3 回答
若者言葉としての『まさぐる』には、現代的なコミュニケーションの特徴がよく表れている。語源を遡ると古語に行き着くが、現在の使われ方は全く異なる。特に面白いのは、この言葉が持つ「適度な距離感」を表現する機能だ。
例えば友達の悩みに深く入り込みすぎず、かといって無関心でもないような対応を『まさぐる』と表現する。SNS時代の繊細な人間関係を、ちょうどいい塩梅で言い表せる言葉として定着したのではないだろうか。
ネット文化から生まれたこのような言葉の変容は、言語が生きている証拠だ。時代に合わせて形を変えながら、新しいニュアンスを獲得していく過程は興味深い。
言語の変遷を追うのは本当に面白い。『まさぐる』の語源を調べると、平安時代の『まさぐり』という言葉に行き着く。これは「手探り」や「もてあそぶ」といった意味で、当時はどちらかと言えば官能的な文脈で使われていたようだ。
現代の若者言葉としての復活は、2000年代のネット掲示板からだとされている。「真面目に考えず適当に扱う」という意味合いで使われ始め、特にゲーム実況者の間で流行した。『まさグる』という表記が定着した背景には、カタカナ語っぽく見せることで、従来の意味との違いを強調する効果があったのだろう。

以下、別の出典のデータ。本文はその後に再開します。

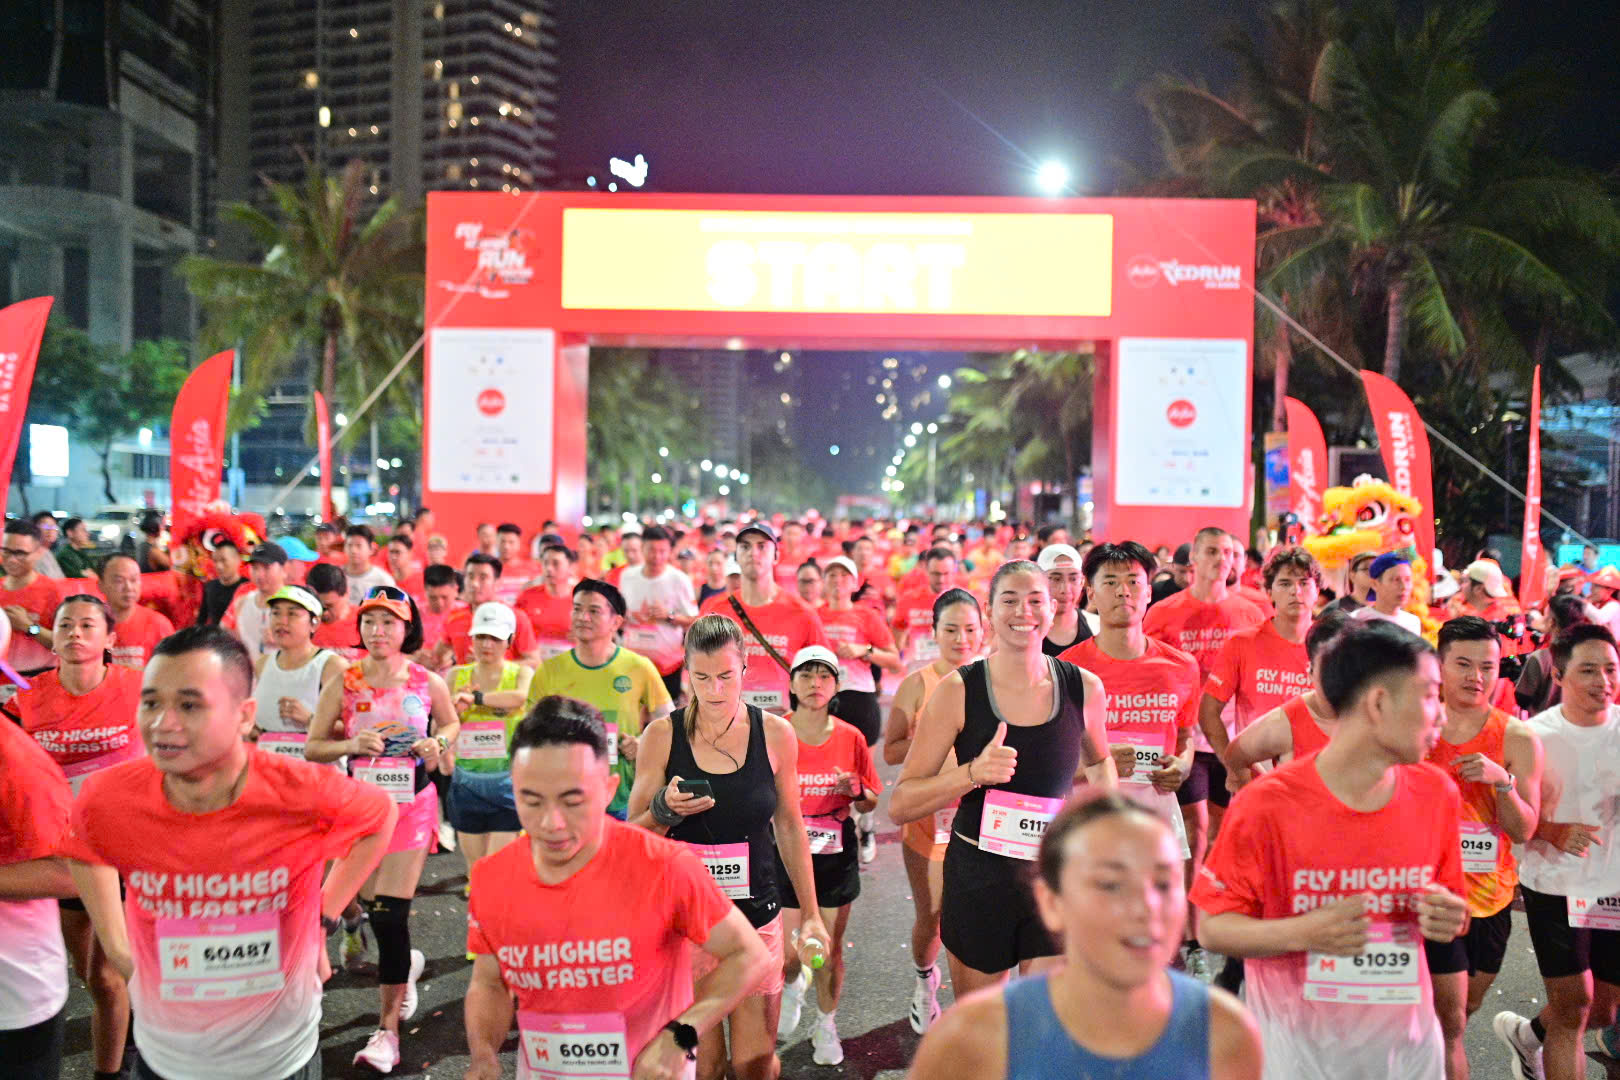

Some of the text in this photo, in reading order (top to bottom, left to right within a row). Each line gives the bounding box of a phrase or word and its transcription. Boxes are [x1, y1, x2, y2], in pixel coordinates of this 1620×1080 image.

[706, 240, 967, 308] START
[1256, 669, 1279, 681] FLY
[1256, 683, 1283, 694] RUN
[1114, 693, 1178, 708] HIGHER
[1122, 710, 1177, 723] FASTER
[70, 733, 128, 753] FASTER
[376, 773, 410, 783] 60855
[993, 820, 1002, 830] F
[1461, 840, 1492, 850] 0149
[173, 866, 289, 898] HIGHER
[1294, 870, 1335, 890] FLY
[1576, 898, 1587, 909] M
[204, 941, 272, 961] 60487
[498, 938, 632, 968] FLY HIGHER
[173, 956, 188, 969] M
[1320, 959, 1335, 972] M
[1354, 953, 1410, 967] 61039
[546, 964, 634, 990] FASTER
[536, 1048, 549, 1062] M
[560, 1043, 620, 1057] 60607

この言葉が若者に受け入れられた理由は、従来の日本語にはなかったニュアンスを表現できる点にある。深刻になりすぎず、かといって完全に無責任でもない、微妙な態度を表すのにぴったりなのだ。
この言葉を初めて聞いたとき、ちょっとした衝撃を受けた覚えがある。
『まさぐる』という表現は、元々は「手探りで触れる」「もてあそぶ」といった意味の古語『さぐる』に、接頭語の『ま』がついたものだと言われている。室町時代の文献にも登場するほど歴史のある言葉で、当初は物理的な接触を表すニュートラルな表現だった。
現代の若者言葉としての用法は、2000年代後半からネットスラングとして広まり始めた。特に『まさグる』と表記されることが多く、従来の意味から転じて「中途半端に弄る」「適当に扱う」といったニュアンスで使われている。SNSでの軽いノリを反映した用法で、深刻な状況を軽く表現する若者らしい言葉遊びと言えるだろう。
この言葉の広がりには、『ゆるふわ』系のネット文化が影響しているように思う。重い話題でも軽く表現することで、コミュニケーションのハードルを下げる効果があるのかもしれない。